EXERCISE
Answer with one number: the count of lines in this material that hold the word "兰州拉面".
-- SOURCE DATA follows --
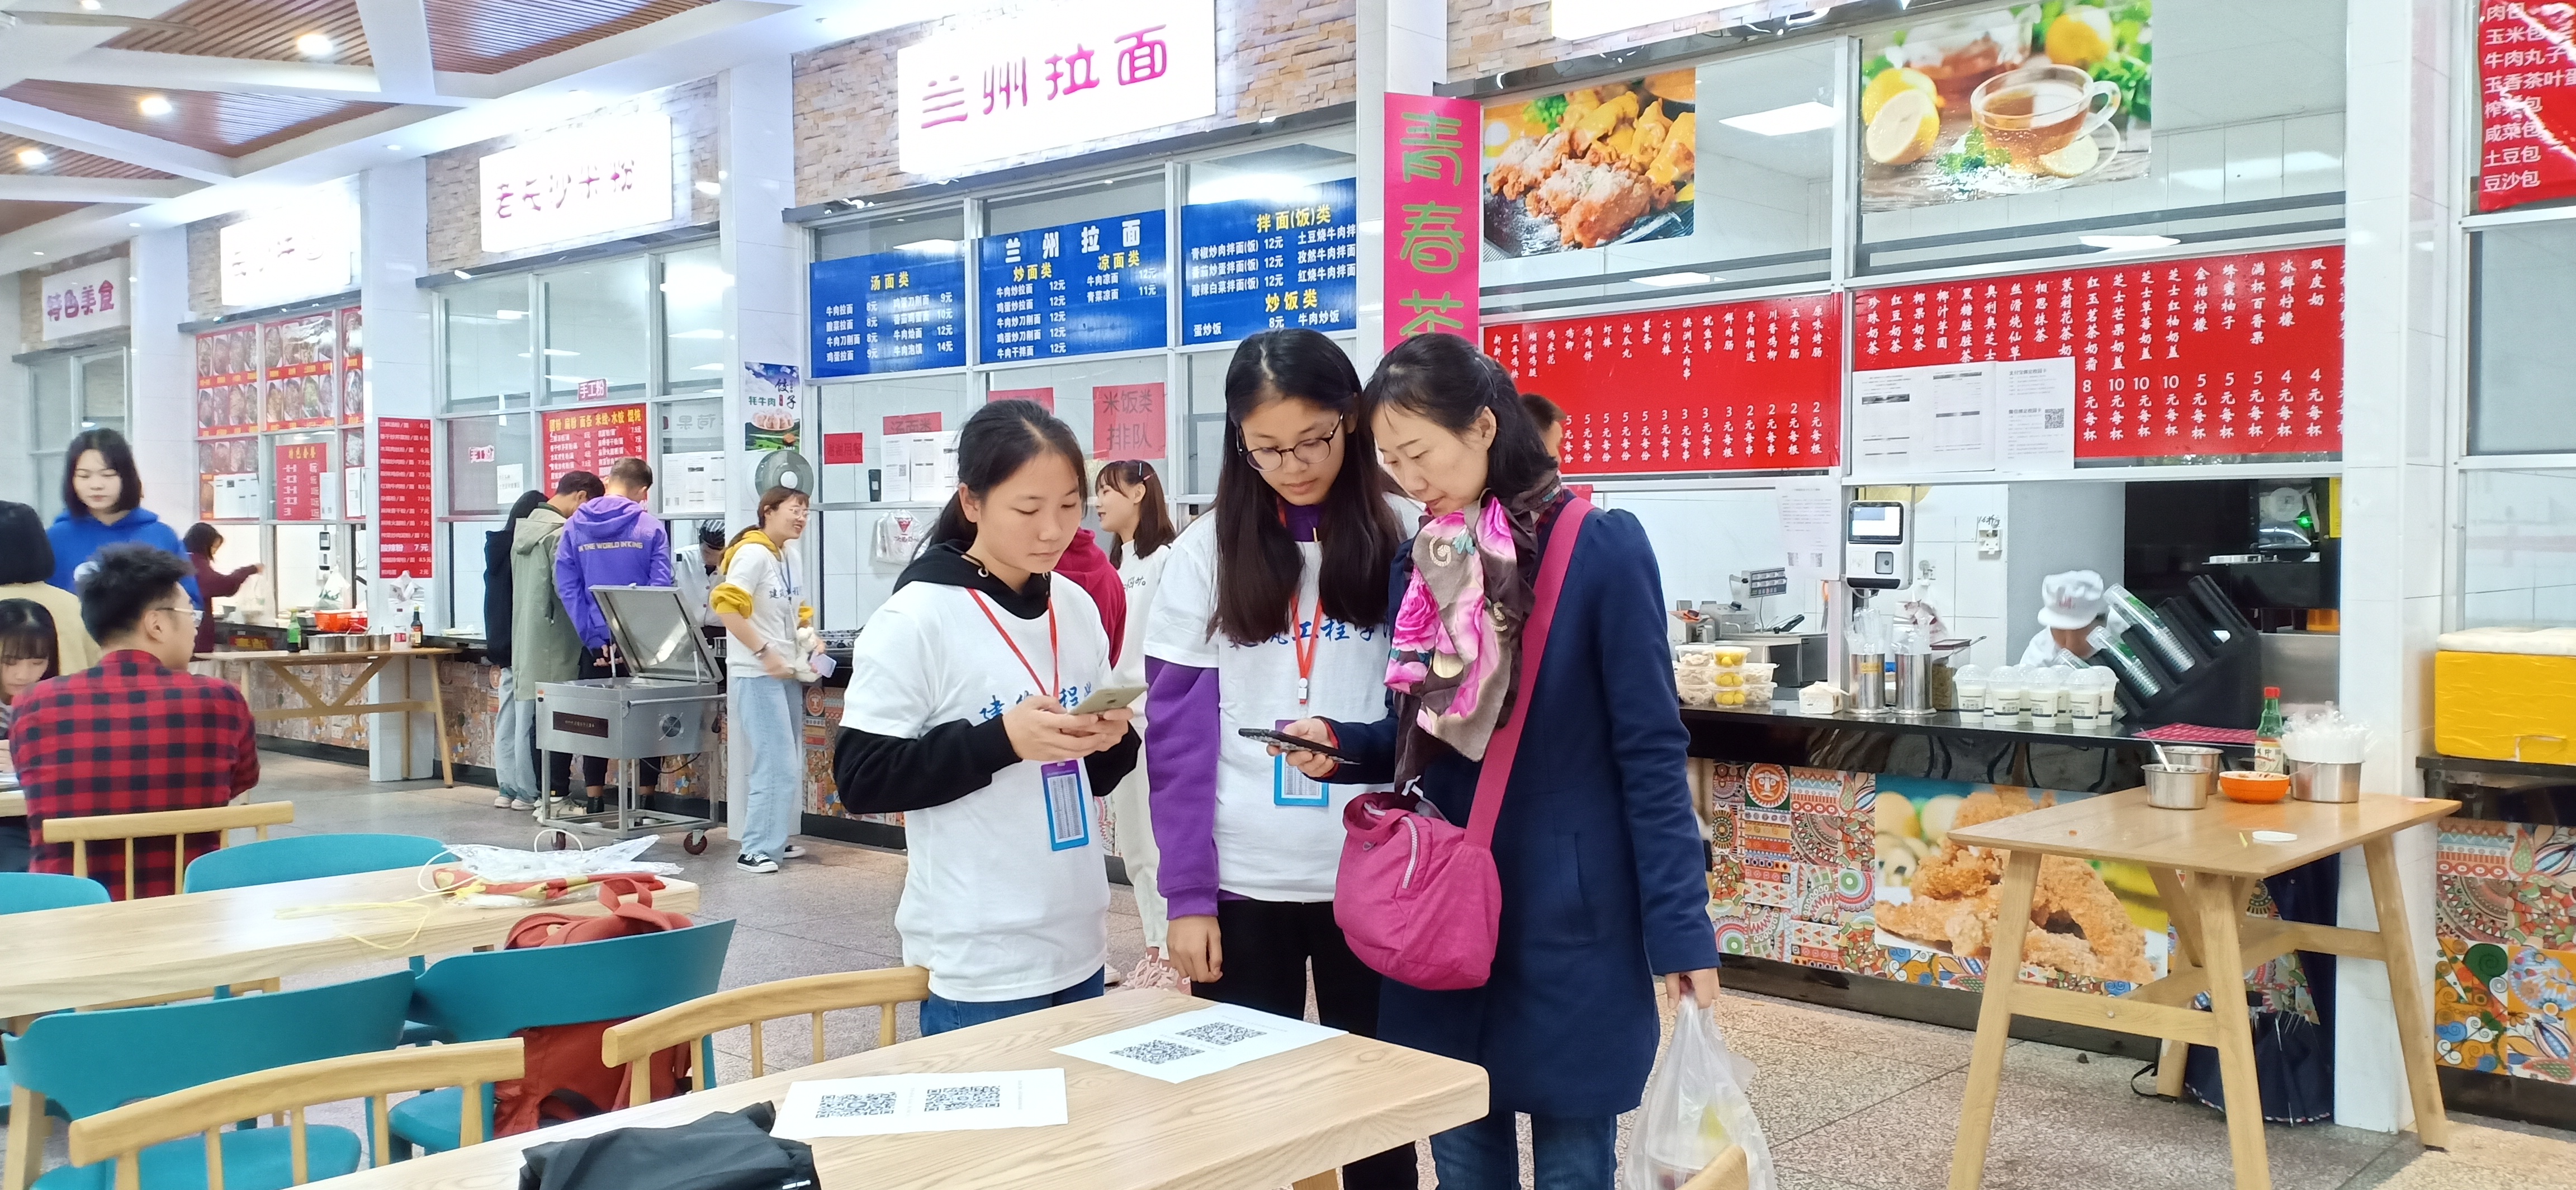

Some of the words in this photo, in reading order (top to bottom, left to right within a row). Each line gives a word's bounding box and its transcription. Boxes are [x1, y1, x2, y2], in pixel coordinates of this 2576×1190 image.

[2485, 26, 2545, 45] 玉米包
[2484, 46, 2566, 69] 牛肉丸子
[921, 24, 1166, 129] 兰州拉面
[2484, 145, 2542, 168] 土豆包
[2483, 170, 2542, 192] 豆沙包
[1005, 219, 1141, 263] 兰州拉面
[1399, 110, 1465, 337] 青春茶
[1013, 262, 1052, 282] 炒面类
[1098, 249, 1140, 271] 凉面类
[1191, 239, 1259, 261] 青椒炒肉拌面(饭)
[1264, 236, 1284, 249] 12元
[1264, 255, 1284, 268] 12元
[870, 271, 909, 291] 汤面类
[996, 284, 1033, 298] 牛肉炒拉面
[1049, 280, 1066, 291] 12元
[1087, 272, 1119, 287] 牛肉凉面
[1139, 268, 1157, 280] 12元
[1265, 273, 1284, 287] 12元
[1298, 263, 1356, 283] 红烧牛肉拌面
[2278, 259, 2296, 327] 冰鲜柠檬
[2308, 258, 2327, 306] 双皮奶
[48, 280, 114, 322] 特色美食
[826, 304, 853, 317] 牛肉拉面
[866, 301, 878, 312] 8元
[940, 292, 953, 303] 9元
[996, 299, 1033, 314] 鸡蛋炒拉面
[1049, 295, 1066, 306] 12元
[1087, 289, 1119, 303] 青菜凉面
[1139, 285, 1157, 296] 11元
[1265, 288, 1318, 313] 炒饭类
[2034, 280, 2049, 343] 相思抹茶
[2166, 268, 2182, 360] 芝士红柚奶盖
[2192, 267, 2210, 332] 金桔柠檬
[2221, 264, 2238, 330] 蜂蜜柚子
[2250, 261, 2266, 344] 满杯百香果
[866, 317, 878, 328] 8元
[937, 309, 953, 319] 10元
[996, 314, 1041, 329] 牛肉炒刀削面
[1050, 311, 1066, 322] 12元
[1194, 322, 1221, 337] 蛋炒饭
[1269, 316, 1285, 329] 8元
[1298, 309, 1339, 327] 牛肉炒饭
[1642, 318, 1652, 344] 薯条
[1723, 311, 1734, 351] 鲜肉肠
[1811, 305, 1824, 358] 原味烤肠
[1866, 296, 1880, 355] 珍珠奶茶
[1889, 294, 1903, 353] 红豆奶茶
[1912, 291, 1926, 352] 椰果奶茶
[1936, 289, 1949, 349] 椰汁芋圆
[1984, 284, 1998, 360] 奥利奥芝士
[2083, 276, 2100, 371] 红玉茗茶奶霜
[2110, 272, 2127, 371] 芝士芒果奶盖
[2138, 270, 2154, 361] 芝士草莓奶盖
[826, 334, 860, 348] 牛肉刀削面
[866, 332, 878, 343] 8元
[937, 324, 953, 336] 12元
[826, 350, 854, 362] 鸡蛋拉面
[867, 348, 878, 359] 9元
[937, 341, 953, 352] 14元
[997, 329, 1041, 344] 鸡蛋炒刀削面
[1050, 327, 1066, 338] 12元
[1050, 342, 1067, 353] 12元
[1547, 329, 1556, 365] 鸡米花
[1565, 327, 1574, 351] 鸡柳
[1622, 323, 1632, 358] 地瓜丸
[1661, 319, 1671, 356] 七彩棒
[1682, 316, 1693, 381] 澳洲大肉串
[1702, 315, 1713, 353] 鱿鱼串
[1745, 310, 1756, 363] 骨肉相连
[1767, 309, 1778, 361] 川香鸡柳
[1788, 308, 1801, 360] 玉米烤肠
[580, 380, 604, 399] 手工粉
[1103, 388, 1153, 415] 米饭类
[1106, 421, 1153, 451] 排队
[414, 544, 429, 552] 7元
-- SOURCE DATA concluded --
SOLUTION
2